Review article: insights into the bile acid‐gut microbiota axis in intestinal failure‐associated liver disease—redefining the treatment approach

Summary Background Intestinal failure‐associated liver disease (IFALD) increases mortality of patients with intestinal failure (IF), but lacks effective prevention or treatment approaches. Bile acids, gut microbiota and the host have close and complex interactions, which play a central role in modulating host immune and metabolic homeostasis. Increasing evidence suggests that derangement of the bile acid‐gut microbiota (BA‐GM) axis contributes to the development of IFALD. Aims To review the BA‐GM axis in the pathogenesis and clinical applications of IFALD, and to explore future directions for effective disease management. Methods We conducted a literature search on bile acid and gut microbiota in IF and liver diseases. Results The BA‐GM axis demonstrates a unique IF signature manifesting as an increase in primary‐to‐secondary bile acids ratio, disturbed enterohepatic circulation, blunted bile acid signalling pathways, gut microbial dysbiosis, and altered microbial metabolic outputs. Bile acids and gut microbiota shape the compositional and functional alterations of each other in IF; collaboratively, they promote immune dysfunction and metabolic aberration in the liver. Diagnostic markers and treatments targeting the BA‐GM axis showed promising potential in the management of IFALD. Conclusions Bile acids and gut microbiota play a central role in the development of IFALD and make attractive biomarkers as well as therapeutic targets. A multitarget, individualised therapy aiming at different parts of the BA‐GM axis may provide optimal clinical benefits and requires future investigation.
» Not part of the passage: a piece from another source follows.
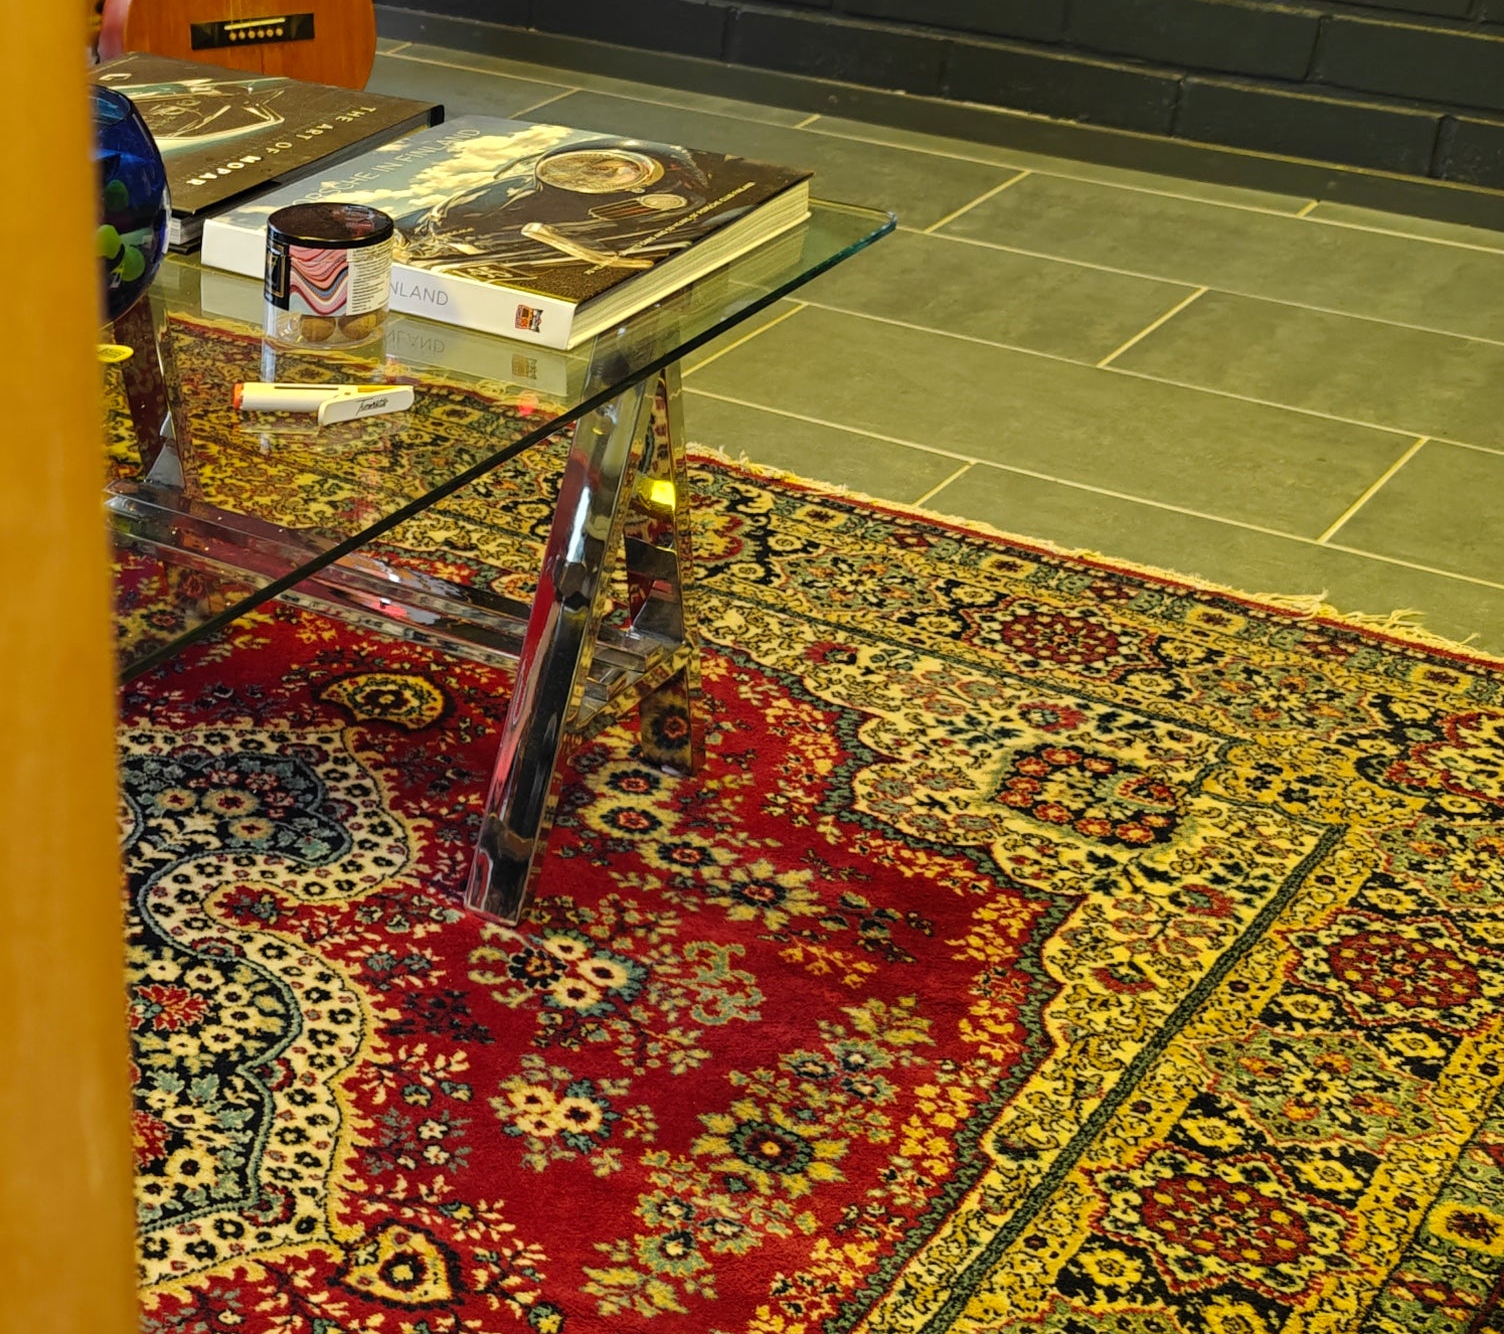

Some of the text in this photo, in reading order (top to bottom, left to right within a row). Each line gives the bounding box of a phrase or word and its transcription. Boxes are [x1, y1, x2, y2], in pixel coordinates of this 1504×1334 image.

[186, 106, 377, 186] THE ART OF MOPAR
[292, 128, 481, 205] ORSCHE IN FINLAND
[389, 281, 449, 306] NLAND
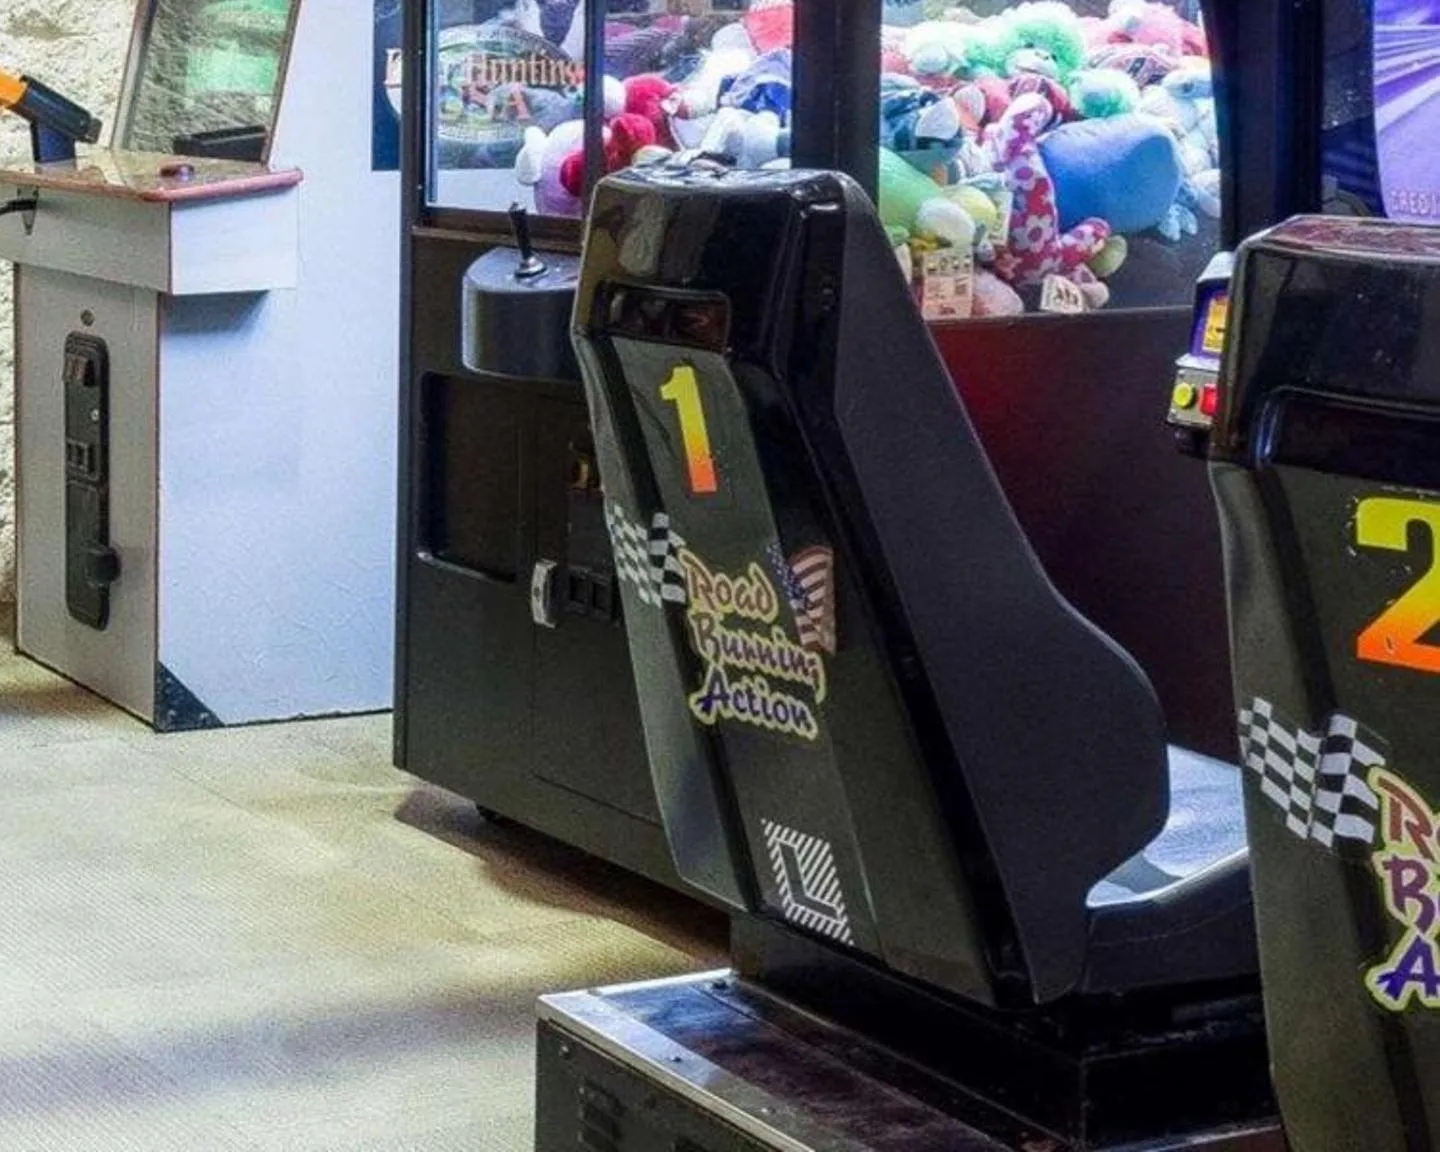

Gut microbiota and bile acids participate in each other’s normal physiology. In intestinal failure, gut microbial dysbiosis and bile acid dysmetabolism occur; they may collaboratively induce liver disease via promoting gut barrier dysfunction and liver immune and metabolic aberration. A multitarget therapy aiming at gut microbiota and bile acids may provide optimal clinical benefits.